箭离弦,穿过木排间的窄缝,扎进说话那名游骑的脖侧。那人手里弯刀还没抬稳,整个人从马鞍上栽下,靴子挂住马镫,被战马拖着往前蹭了两步才脱开。另一名游骑调转马头就跑,反应比寨里所有人都快,他不恋战,不救人,甚至没回头补箭,直接往竹林边线撤。
褚岩从侧坡扑出,带着两个溃兵横切过去,没追马尾,专往竹林窄口堵。那名游骑刚冲进旧陷阱边,战马前蹄被暗藤挂住,速度一折,他从鞍上翻下,滚进湿叶里,刚撑起身,三把刀已经压下来。
他胡语骂了一句,短刀划开一名溃兵胳膊,褚岩的砍刀从侧面砸进他肩窝,刀疤溃兵补上一矛,矛尖从皮甲缝里钻入。那人还想吹哨,手刚摸到腰间,褚岩一脚踩住他的腕子,砍刀落下,骨哨连同半截皮绳飞进泥里。
寨门内,妇人们七手八脚把女子拖进来。女子的手仍扣着竹筒,怎么掰都掰不开,一个妇人急得要哭:
“大当家,她不松手,血还在流。”
陆破虏收弓过去,单膝跪在泥里,先按住箭杆周围的衣料。伤口热得烫手,皮肉边缘已经发肿,箭入腹侧,位置凶险。她能撑到这里,多半靠一口气吊着。
他没有碰竹筒,只取下她握刀的手。女子腕上有一枚旧铜护符,护符裂了一道口,背面刻着一个“沈”字,旁边还有小小的“靖北”二字,刀刻很浅,却让陆破虏指腹停了半拍。
靖北沈氏。
前身记忆里,这四个字连着一座被烧空的边城,连着一面在北风里断掉的军旗。沈家三代守江北,南渡后朝中有人骂他们守不住,有人拿他们的死换议和文书;可在北线溃兵嘴里,沈家不是败将,是被粮草、内斗和胡骑一块吞掉的硬骨头。
陆破虏把护符翻回去,没让旁边人看清。他心里把价码重新拨了一遍:沈家孤女,密封竹筒,活口追杀,南景甲胄。救她,是捡到一条情报线,也可能捡来一串追命债。可山寨现在已经被大渊盯上,债多不压身,虱子多了不怕痒,听着很没出息,却很实用。
妇人又催:
“大当家,要不要把那筒子先取下来?万一她死了......”
“她还没死。”
陆破虏抬头看她,嗓音低了下去:
“人活着,话才值钱。竹筒是死物,打不开也不会自己跑。”
妇人被他这一句压住,赶忙点头,抱着女子往矿洞里挪。陆破虏把缴来的两匹马交给人牵住,又让人把游骑尸体拖进门内,不许血线留在外头。门重新合上时,山外的号角仍一声接一声,离得不近,却够压住每个人的喘息。

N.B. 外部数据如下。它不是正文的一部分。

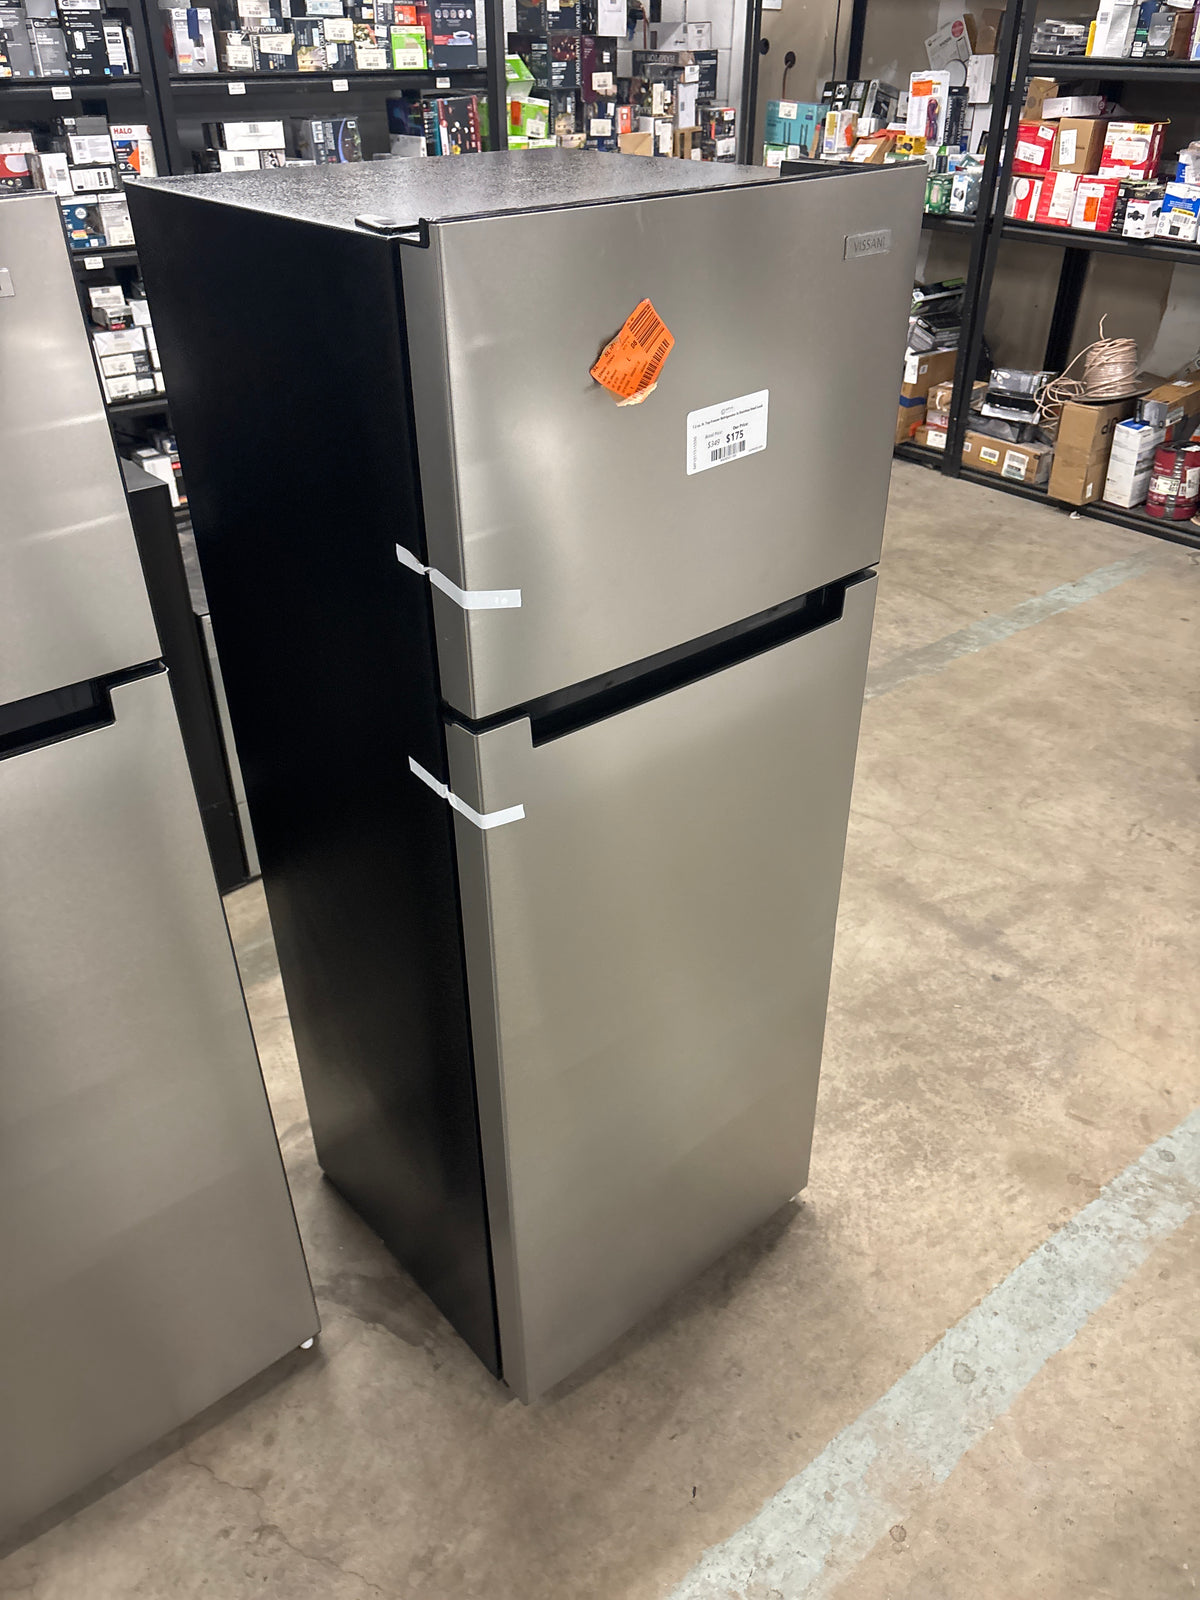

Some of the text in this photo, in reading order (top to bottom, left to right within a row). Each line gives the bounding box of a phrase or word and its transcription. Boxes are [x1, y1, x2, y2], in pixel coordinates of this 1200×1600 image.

[377, 7, 385, 21] BAY
[317, 20, 325, 34] BAY
[854, 236, 886, 253] VISSANI
[707, 438, 720, 449] $349
[726, 430, 744, 443] $175

矿洞里潮气重,火堆上架着半只缺口陶罐,水还没烧开。妇人把女子放在铺了草席的石台上,撕开她腹侧衣料时,几个人都倒抽了一口气。箭杆周围的皮肉发红,血水混着脓液,热气一阵阵往外冒。
陆破虏把短刀放到火边烤,伸手去探她颈侧脉动。女子忽然抓住他的手腕,力气大得不像快死的人,指甲陷进他的皮肉里,嘴里含混吐出几个字。
“江北......驻防图......不能落到胡虏手里......”
火苗噼啪一跳,洞口的风把草灰卷到陆破虏靴边。他低头看着她腰间那只密封竹筒,封蜡上压着半枚残印,印纹里也有一个“沈”字。
这一回,山寨捡到的不是伤员。
是能让大渊不惜追到黑风岭的火种。